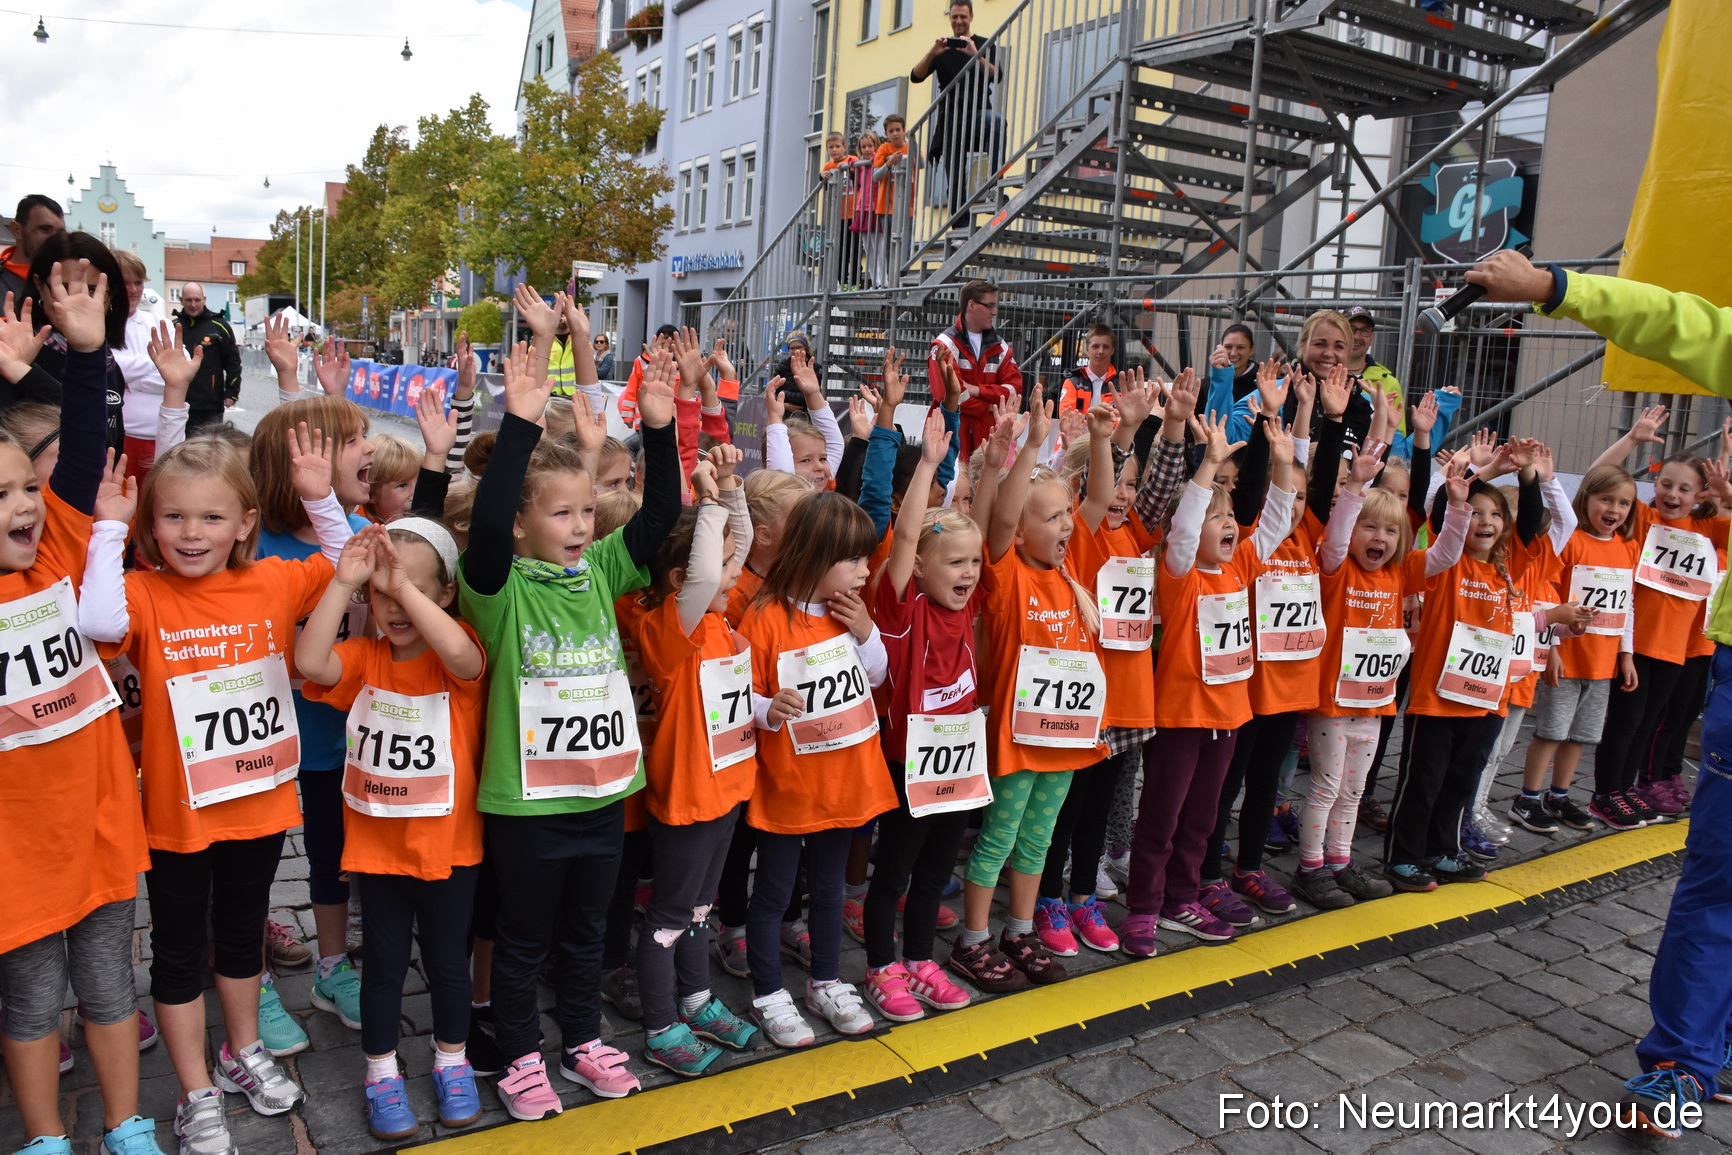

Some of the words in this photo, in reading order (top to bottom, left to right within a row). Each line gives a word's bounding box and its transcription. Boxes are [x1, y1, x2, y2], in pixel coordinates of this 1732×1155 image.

[684, 250, 742, 272] Raiffeisenbank
[1653, 545, 1707, 576] 7141
[1659, 573, 1689, 588] Hannah
[1582, 586, 1627, 609] 7212
[10, 601, 60, 628] BOCK
[1270, 600, 1317, 627] 7272
[1283, 632, 1316, 651] LEA
[556, 645, 616, 667] BOCK
[816, 644, 847, 663] BOCK
[1458, 648, 1502, 680] 7034
[1059, 659, 1088, 670] BOCK
[1354, 653, 1402, 677] 7050
[224, 671, 264, 691] BOCK
[796, 664, 865, 714] 7220
[1367, 685, 1385, 695] Frida
[1463, 681, 1487, 695] Patricia
[572, 685, 610, 699] BOCK
[1032, 677, 1096, 711] 7132
[32, 692, 77, 719] Emma
[380, 702, 421, 719] BOCK
[195, 696, 285, 751] 7032
[541, 710, 625, 752] 7260
[814, 720, 843, 737] Julia
[1040, 718, 1080, 732] Franziska
[186, 751, 195, 759] B1
[357, 724, 436, 771] 7153
[235, 754, 274, 773] Paula
[918, 741, 976, 776] 7077
[364, 779, 408, 797] Helena
[935, 783, 955, 796] Leni

--- --- ---

> Instructions to follow
Write the entries out again word for word. Omit all pictures from them.

> Written solution
Some of the words in this photo, in reading order (top to bottom, left to right within a row). Each line gives a word's bounding box and its transcription. Boxes are [x1, y1, x2, y2], in pixel coordinates of this 1732×1155 image.

[684, 250, 742, 272] Raiffeisenbank
[1653, 545, 1707, 576] 7141
[1659, 573, 1689, 588] Hannah
[1582, 586, 1627, 609] 7212
[10, 601, 60, 628] BOCK
[1270, 600, 1317, 627] 7272
[1283, 632, 1316, 651] LEA
[556, 645, 616, 667] BOCK
[816, 644, 847, 663] BOCK
[1458, 648, 1502, 680] 7034
[1059, 659, 1088, 670] BOCK
[1354, 653, 1402, 677] 7050
[224, 671, 264, 691] BOCK
[796, 664, 865, 714] 7220
[1367, 685, 1385, 695] Frida
[1463, 681, 1487, 695] Patricia
[572, 685, 610, 699] BOCK
[1032, 677, 1096, 711] 7132
[32, 692, 77, 719] Emma
[380, 702, 421, 719] BOCK
[195, 696, 285, 751] 7032
[541, 710, 625, 752] 7260
[814, 720, 843, 737] Julia
[1040, 718, 1080, 732] Franziska
[186, 751, 195, 759] B1
[357, 724, 436, 771] 7153
[235, 754, 274, 773] Paula
[918, 741, 976, 776] 7077
[364, 779, 408, 797] Helena
[935, 783, 955, 796] Leni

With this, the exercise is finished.